In 2022, Russia was chosen as the main target for the US and its allies. China has been left in relative peace for the time being. It was believed that if Russia was reduced to a neo-colonial position completely controlled by the Western financial elite, then the BRICS and other alternatives to the G7 would collapse. The result was to establish a new global order. The former vagueness of the "rules-based world" formula would go away. The "world based on rules" of the United States is a new order that does not require the consent of any other parties (an important difference from the "Washington consensus", built on an elitist compromise between the old centres of capitalism and "developing countries"), and reliance on established international law.

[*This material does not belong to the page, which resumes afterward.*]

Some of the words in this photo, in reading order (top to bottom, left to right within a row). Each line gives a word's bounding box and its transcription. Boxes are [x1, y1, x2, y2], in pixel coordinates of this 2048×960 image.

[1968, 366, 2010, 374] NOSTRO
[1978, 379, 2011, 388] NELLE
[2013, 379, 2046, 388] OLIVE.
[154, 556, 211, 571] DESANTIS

What does "neo-mercantilism" mean? What does this term mean for the US? The bottom line is that the neo-liberalism of financial globalisation of 1983-2013 is not being replaced by a new edition of American hegemony, but by a rigid new US colonialism similar to its super-hegemony. The new centres of capitalism have formed and will be protected and consolidated; they won’t crumble under the blows of US sanctions. The US, its junior partners and totally dependent members of the "team" will experience enormous internal difficulties.

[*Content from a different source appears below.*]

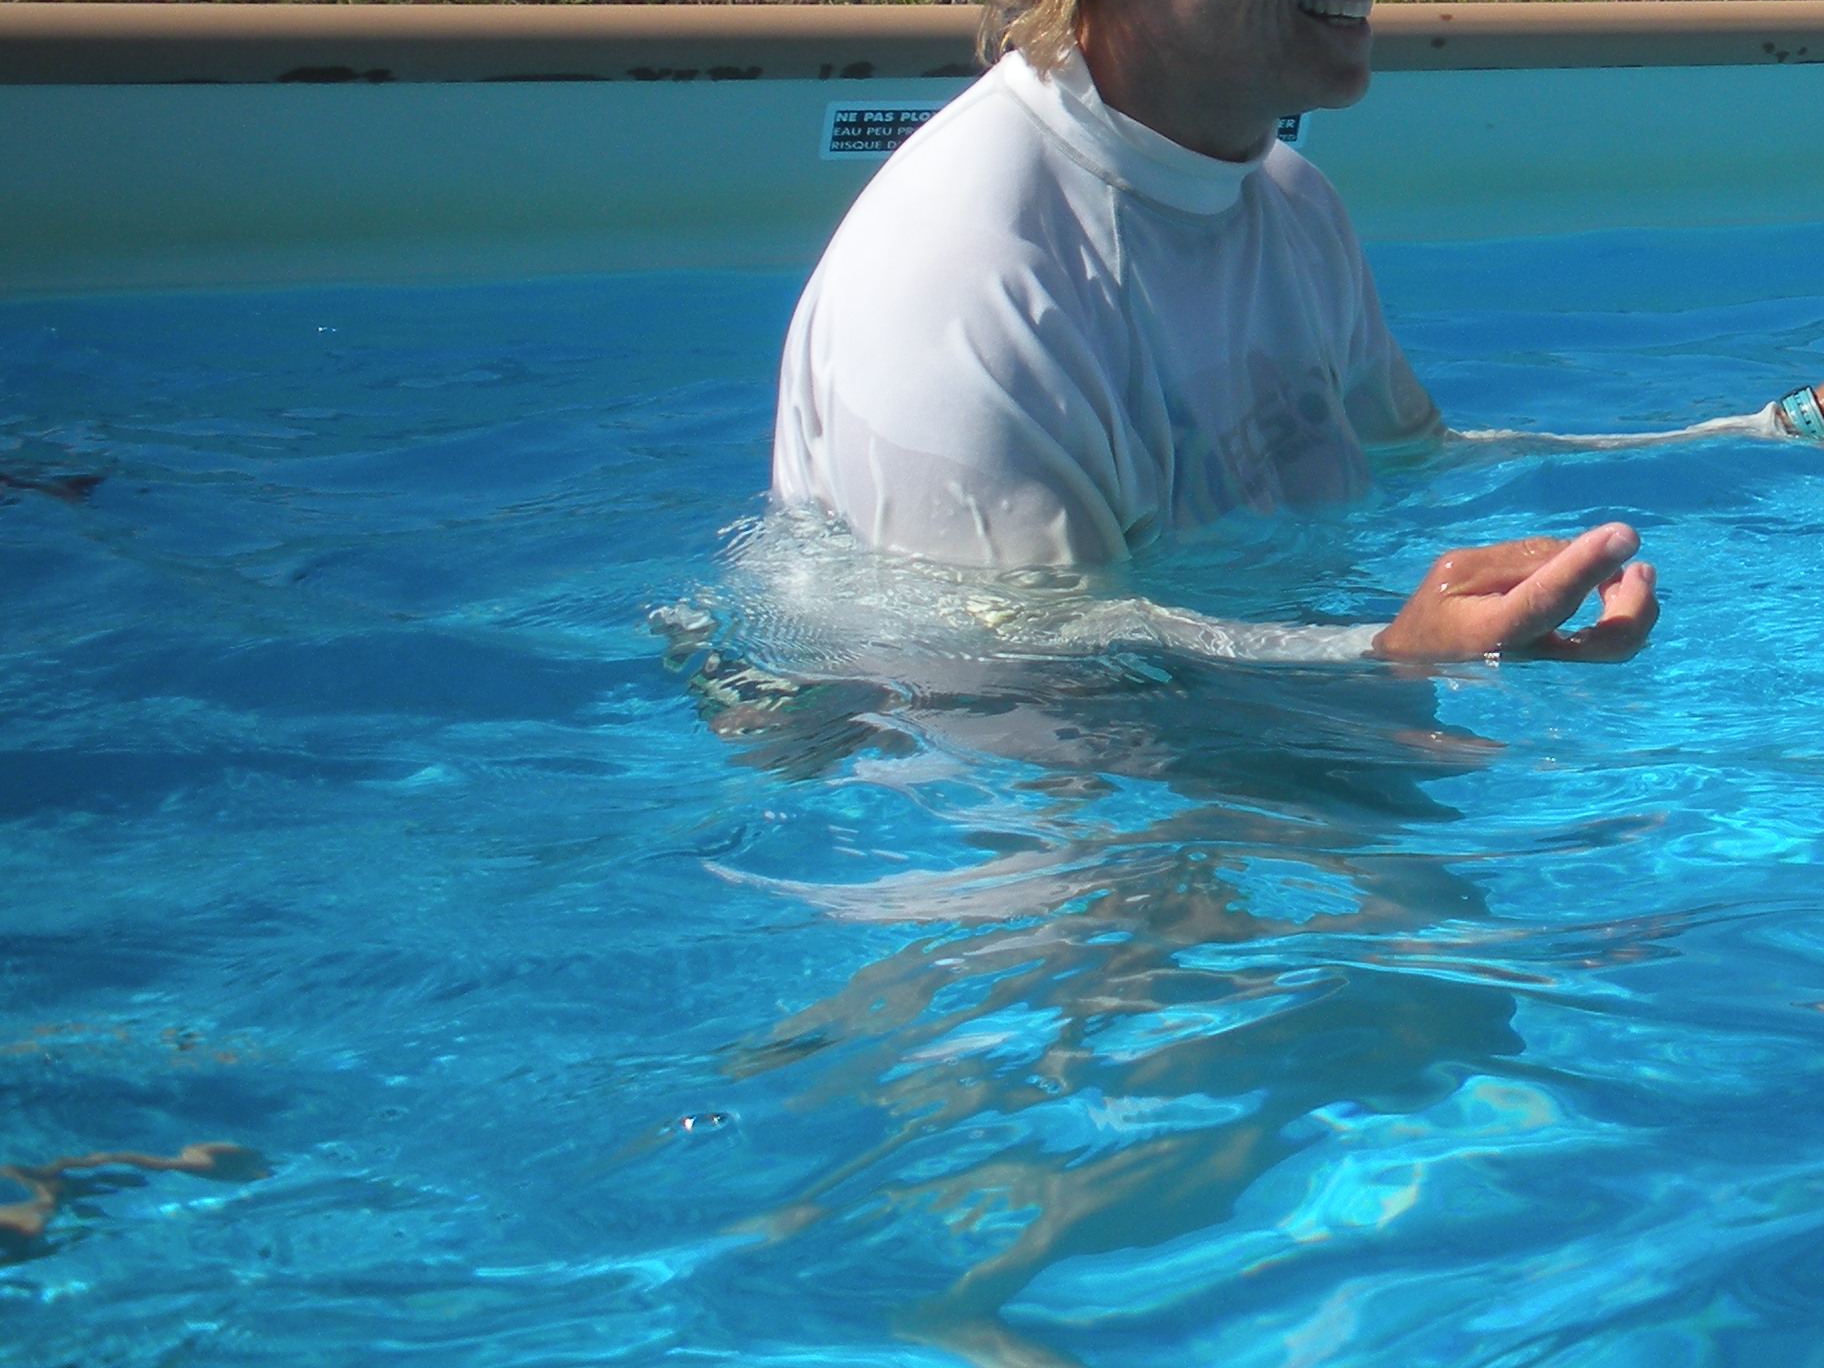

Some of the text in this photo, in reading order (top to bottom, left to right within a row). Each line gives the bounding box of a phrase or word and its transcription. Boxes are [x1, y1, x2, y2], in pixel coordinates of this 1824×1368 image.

For decades, neo-liberal scholars have instilled two false truths: history has an infinite number of paths and development has no options except for the "free market" with its inherent deregulation and the destruction of the social sphere of nation states. The inconsistency of these "truths" did not bother anyone, because neo-liberalism is grounded in postmodernism. Meanwhile, progress has a logic, a kind of main route, on which the US is no longer needed by other countries as a master or guide. The "free market" has already been replaced by neo-mercantilism, protectionism and a rivalry between states, with their growing role in the economy.

In 2014-2016, the US was the first to move towards protectionism, and most countries survived the Second Wave of the global crisis. It buried the notion that the "great recession" of 2008-2009 ensured the end of the global crisis.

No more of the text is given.